**Extracted data:**
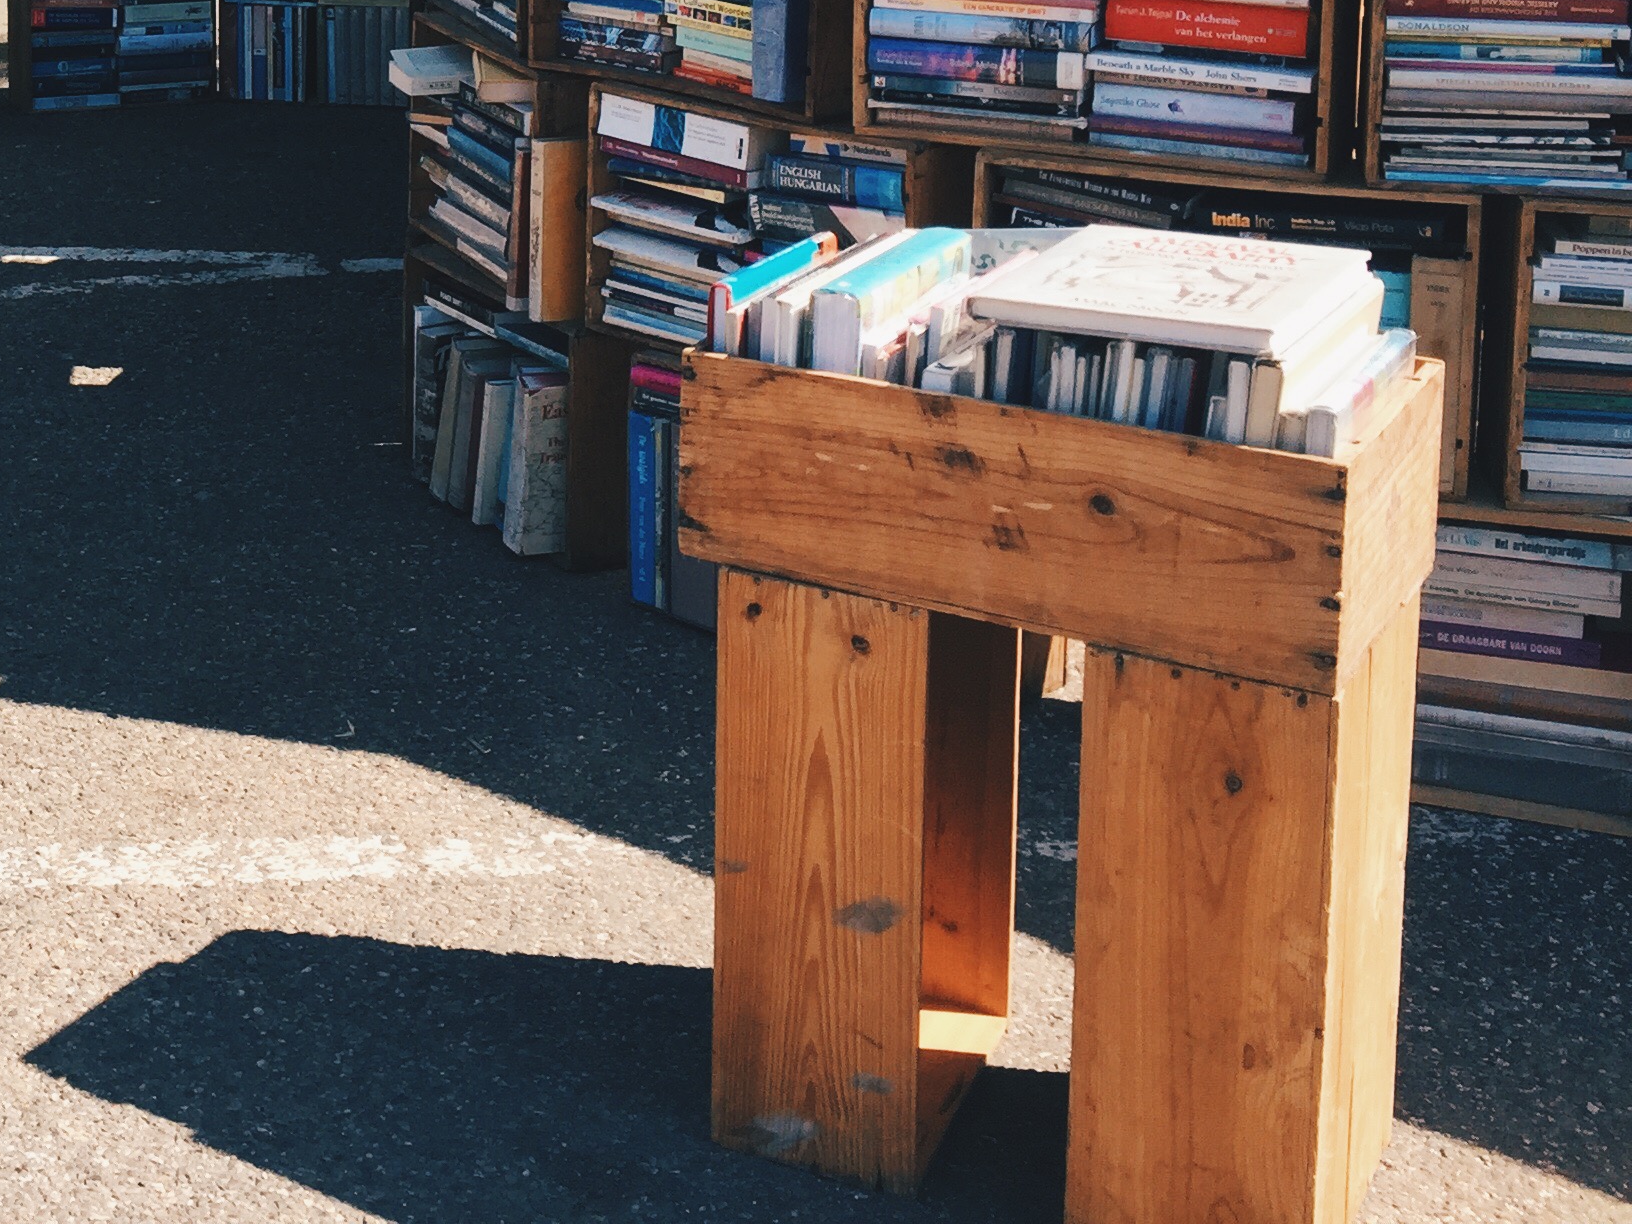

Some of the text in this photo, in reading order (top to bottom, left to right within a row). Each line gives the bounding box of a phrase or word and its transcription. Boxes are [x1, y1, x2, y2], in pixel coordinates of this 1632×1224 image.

[1175, 9, 1242, 27] De alchemie
[1174, 27, 1268, 45] van het verlangen
[1096, 58, 1134, 72] Beneath
[1178, 65, 1196, 78] Sky
[1205, 68, 1229, 81] John
[779, 165, 822, 181] ENGLISH
[779, 176, 842, 195] HUNGARIAN
[1211, 210, 1252, 228] India
[1437, 631, 1450, 643] DE
[1451, 633, 1507, 650] DRAAGBARE
[1510, 640, 1528, 652] VAN

**Work to be completed:** When you copy the listing above, reproduce every line exactly and skip the images.

**Worked solution:**
Some of the text in this photo, in reading order (top to bottom, left to right within a row). Each line gives the bounding box of a phrase or word and its transcription. Boxes are [x1, y1, x2, y2], in pixel coordinates of this 1632×1224 image.

[1175, 9, 1242, 27] De alchemie
[1174, 27, 1268, 45] van het verlangen
[1096, 58, 1134, 72] Beneath
[1178, 65, 1196, 78] Sky
[1205, 68, 1229, 81] John
[779, 165, 822, 181] ENGLISH
[779, 176, 842, 195] HUNGARIAN
[1211, 210, 1252, 228] India
[1437, 631, 1450, 643] DE
[1451, 633, 1507, 650] DRAAGBARE
[1510, 640, 1528, 652] VAN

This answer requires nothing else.